*Work instructions*.
The answer must be every record below, reproduced exactly.

*Records for the task*.
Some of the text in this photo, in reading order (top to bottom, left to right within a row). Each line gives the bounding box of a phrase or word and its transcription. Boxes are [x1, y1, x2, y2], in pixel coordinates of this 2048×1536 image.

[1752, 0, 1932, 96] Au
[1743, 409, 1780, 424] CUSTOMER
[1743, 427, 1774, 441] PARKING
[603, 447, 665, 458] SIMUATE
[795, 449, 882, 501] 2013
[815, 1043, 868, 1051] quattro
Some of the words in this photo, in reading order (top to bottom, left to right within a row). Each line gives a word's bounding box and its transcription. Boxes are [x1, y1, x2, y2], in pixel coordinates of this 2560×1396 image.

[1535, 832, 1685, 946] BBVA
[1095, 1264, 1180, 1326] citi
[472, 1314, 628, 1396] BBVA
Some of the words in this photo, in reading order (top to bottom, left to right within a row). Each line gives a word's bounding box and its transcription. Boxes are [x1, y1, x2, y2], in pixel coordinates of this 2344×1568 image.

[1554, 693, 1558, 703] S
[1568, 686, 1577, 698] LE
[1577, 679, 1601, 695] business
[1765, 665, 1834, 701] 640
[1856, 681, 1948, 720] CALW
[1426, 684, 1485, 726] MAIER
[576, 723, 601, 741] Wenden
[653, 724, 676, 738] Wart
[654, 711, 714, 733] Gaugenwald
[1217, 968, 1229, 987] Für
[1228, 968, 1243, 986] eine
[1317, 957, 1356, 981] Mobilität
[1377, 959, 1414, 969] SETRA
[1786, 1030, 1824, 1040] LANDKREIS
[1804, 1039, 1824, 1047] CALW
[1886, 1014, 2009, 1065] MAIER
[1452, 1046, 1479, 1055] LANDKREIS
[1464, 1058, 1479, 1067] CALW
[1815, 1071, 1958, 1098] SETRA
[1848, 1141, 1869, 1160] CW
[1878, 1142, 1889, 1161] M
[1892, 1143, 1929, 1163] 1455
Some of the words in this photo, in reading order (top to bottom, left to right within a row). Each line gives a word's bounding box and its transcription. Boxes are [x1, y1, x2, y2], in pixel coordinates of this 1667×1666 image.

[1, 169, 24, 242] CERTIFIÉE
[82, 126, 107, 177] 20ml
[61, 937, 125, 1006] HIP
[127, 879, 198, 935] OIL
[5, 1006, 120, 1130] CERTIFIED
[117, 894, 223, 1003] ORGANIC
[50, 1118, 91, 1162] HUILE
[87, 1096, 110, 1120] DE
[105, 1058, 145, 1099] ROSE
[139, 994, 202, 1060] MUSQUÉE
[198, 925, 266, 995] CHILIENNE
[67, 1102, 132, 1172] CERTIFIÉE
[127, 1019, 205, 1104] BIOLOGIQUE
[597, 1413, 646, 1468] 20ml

*Task output*.
Some of the text in this photo, in reading order (top to bottom, left to right within a row). Each line gives the bounding box of a phrase or word and its transcription. Boxes are [x1, y1, x2, y2], in pixel coordinates of this 2048×1536 image.

[1752, 0, 1932, 96] Au
[1743, 409, 1780, 424] CUSTOMER
[1743, 427, 1774, 441] PARKING
[603, 447, 665, 458] SIMUATE
[795, 449, 882, 501] 2013
[815, 1043, 868, 1051] quattro
Some of the words in this photo, in reading order (top to bottom, left to right within a row). Each line gives a word's bounding box and its transcription. Boxes are [x1, y1, x2, y2], in pixel coordinates of this 2560×1396 image.

[1535, 832, 1685, 946] BBVA
[1095, 1264, 1180, 1326] citi
[472, 1314, 628, 1396] BBVA
Some of the words in this photo, in reading order (top to bottom, left to right within a row). Each line gives a word's bounding box and its transcription. Boxes are [x1, y1, x2, y2], in pixel coordinates of this 2344×1568 image.

[1554, 693, 1558, 703] S
[1568, 686, 1577, 698] LE
[1577, 679, 1601, 695] business
[1765, 665, 1834, 701] 640
[1856, 681, 1948, 720] CALW
[1426, 684, 1485, 726] MAIER
[576, 723, 601, 741] Wenden
[653, 724, 676, 738] Wart
[654, 711, 714, 733] Gaugenwald
[1217, 968, 1229, 987] Für
[1228, 968, 1243, 986] eine
[1317, 957, 1356, 981] Mobilität
[1377, 959, 1414, 969] SETRA
[1786, 1030, 1824, 1040] LANDKREIS
[1804, 1039, 1824, 1047] CALW
[1886, 1014, 2009, 1065] MAIER
[1452, 1046, 1479, 1055] LANDKREIS
[1464, 1058, 1479, 1067] CALW
[1815, 1071, 1958, 1098] SETRA
[1848, 1141, 1869, 1160] CW
[1878, 1142, 1889, 1161] M
[1892, 1143, 1929, 1163] 1455
Some of the words in this photo, in reading order (top to bottom, left to right within a row). Each line gives a word's bounding box and its transcription. Boxes are [x1, y1, x2, y2], in pixel coordinates of this 1667×1666 image.

[1, 169, 24, 242] CERTIFIÉE
[82, 126, 107, 177] 20ml
[61, 937, 125, 1006] HIP
[127, 879, 198, 935] OIL
[5, 1006, 120, 1130] CERTIFIED
[117, 894, 223, 1003] ORGANIC
[50, 1118, 91, 1162] HUILE
[87, 1096, 110, 1120] DE
[105, 1058, 145, 1099] ROSE
[139, 994, 202, 1060] MUSQUÉE
[198, 925, 266, 995] CHILIENNE
[67, 1102, 132, 1172] CERTIFIÉE
[127, 1019, 205, 1104] BIOLOGIQUE
[597, 1413, 646, 1468] 20ml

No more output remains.